It was a beautiful fall morning and I was especially rested from the extra hour of sleep granted by turning our clocks back, so I decided to check out the Annual Boston Vegetarian Food Festival. My first time there, I wasn’t prepared for the suffocating mob in the single auditorium space. I should have expected it at a free event offering lots of free food. The variety of vendor booths affirmed how vegetarianism covers a broad scope, whether focusing on health, the environment, religion, or cruelty in animal slaughterhouses. I noticed quinoa, flax, organic t-shirts and…the desserts! The last thing I’d associate with vegetarianism is amazing desserts, but I was captivated by some impressive sweets displays, particularly Vegan Treats Bakery, a celebrated Philadelphia bakery hopefully soon to break into the Boston market. I’ve had many a dairy-free cake because of my nephew’s allergies, all tasting like sawdust, but whoa!—these cakes were simply spectacular. My frosted triple chocolate mini-cake was very moist, very chocolately, and beautiful to behold. I daresay it was better than regular chocolate cake and made me suspicious that it was missing any butter or eggs. I scored several freebies of hummus snack packs, organic energy bars, vegetarian magazines, and dairy-free chocolates. I tasted new items like African bean cakes (reminded me of the fried taro dumplings at a Chinese dim sum) and Teather, a kind of adult fruit roll-up made with tart organic pressed fruits rich in phytonutrients. I curiously checked out a massive line in one corner and chuckled when I saw it was for Tribe Hummus, a common product found at any supermarket! Oh well, hungry people love free food. For those expecting to eat lunch, many vegetarian restaurants were present, selling plates of their most popular items. Expert chefs and researchers offered educational talks. After a dizzying hour to survey all the booths, you leave with a heavy bag of nice samples, coupons, and inspiration to eat green, or at least appreciate that vegetarians and even vegans are serious foodies too.

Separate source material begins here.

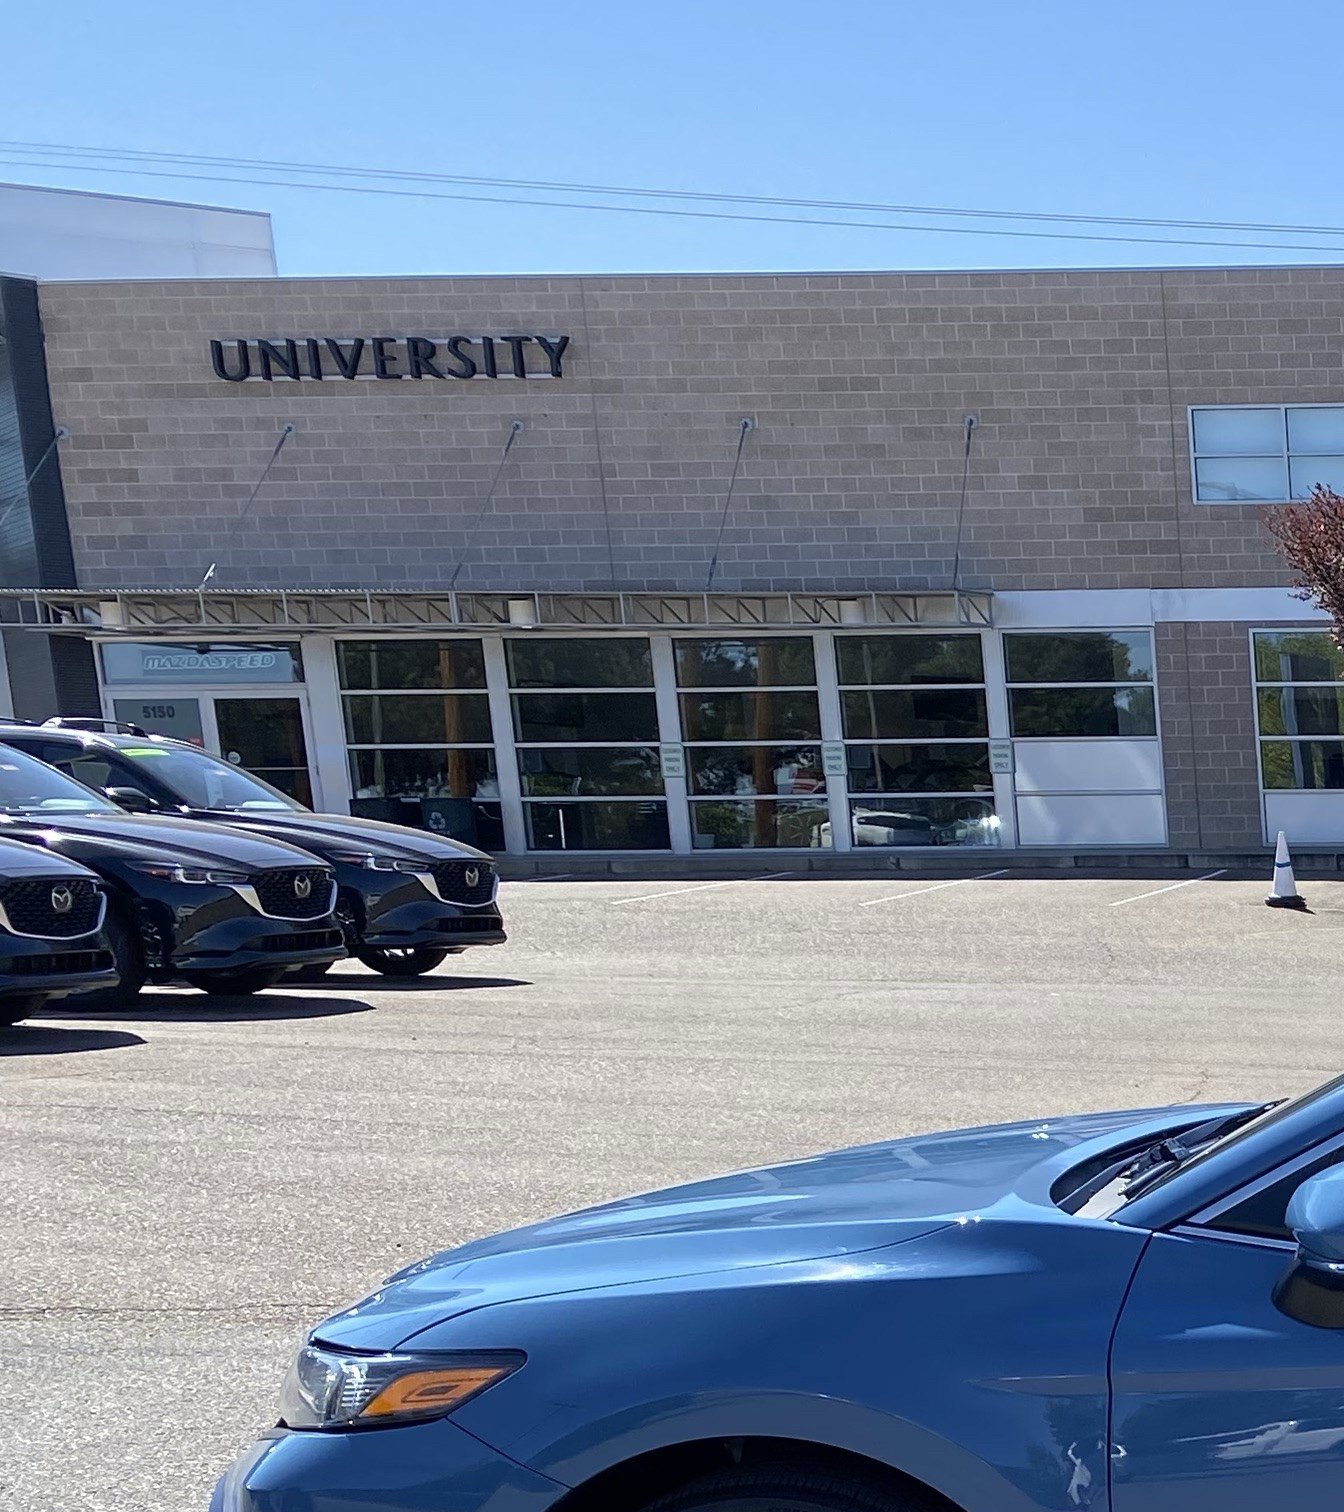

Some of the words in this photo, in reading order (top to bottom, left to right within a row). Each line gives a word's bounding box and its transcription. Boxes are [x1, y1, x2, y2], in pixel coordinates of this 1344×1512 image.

[210, 335, 570, 381] UNIVERSITY
[144, 653, 276, 670] MAZDASPEED
[142, 705, 175, 718] 5150

Ok, so I’m a week late celebrating World Pasta Day, which was created in 1995 by the World Pasta Congress in Rome (who knew there was such a thing?). Every October 25th, World Pasta Day is celebrated internationally with events, tastings, and education of this high carb wonder. Did you know that pasta is eaten on all five continents and that the average person in North America eats 15 pounds of pasta annually, whereas the average person in Italy eats more than 51 pounds each year? And that the Chinese are on record as having eaten pasta as early as 5,000 B.C.? It’s an easy dish to love, and here’s an easy recipe from Christina! Click here for Bell Pepper Pasta with Chicken.
Out comes my party pooper hat—a nutritionist speaking about Halloween. No, I won’t lecture you to not let your kids collect their sweet treats. I won’t even ask you to throw out the leftover candy. I just wish the holiday could have more meaning, like I do with others: that Christmas didn't spotlight big glittery presents, and Thanksgiving wasn’t about gorging ourselves into a food coma. I wish Halloween were more about having spooky fun get-togethers with friends or cute dress-up parties with the neighborhood tots than collecting mountains of chocolate. I don’t like seeing the greedy eyes of young trick-or-treaters ogling my basket of candy and frowning when they get two pieces (many are bolder and yell “that’s it?”). I don’t like being compared to my kindly elderly neighbor whom all the kids flock to because she doles out full-size Snickers.
With the epidemic of obese kids whom we’re fighting to save from early health problems, the issue heightens during this season. The major holidays from Halloween through New Year’s Day add thousands of extra calories to our usual diets. In addition, the cold weather and shorter days may discourage the physical activity needed to balance out that extra intake. So, now that I’ve spoken my peace, here are some ideas:
Give out treats with a little less fat and calories. The cute pretzel packs are best but I doubt most kids see them as treats. Miniature or fun sizes of 3 Musketeers, Peppermint Patties, Tootsie Rolls, candy corn, and dark chocolate are appreciated. And yes, two or three pieces of this size are enough per child! For your own kids, allow a few pieces each night but with the agreement that they brush their teeth extra carefully afterward as all candy, regardless of calories, has lots of sugar.
Organize a fun costume party for your child inviting a few kids over, with small prizes and games. Make sure to include dancing to Michael Jackson’s Thriller. Or attend a dress-up Halloween or Harvest Party held in your community or local church.
If you go trick-or-treating, plan to eat supper first or at least a snack so your kids aren’t starving for sweets. Set a time or location limit of a half-hour or 1-2 streets, which controls the total amount of candy your child collects. Take some attention off of the candy by admiring all the fun spooky decorations at your neighbors’ homes and the creative costumes the other trick-or-treaters are wearing. Include time for some great photo sessions.
- Try ghoulishly delightful recipes like Maggoty Pumpkin Soup, found at Kaboose.com. Find other Halloween activities and craft ideas at Apples4theteacher.com.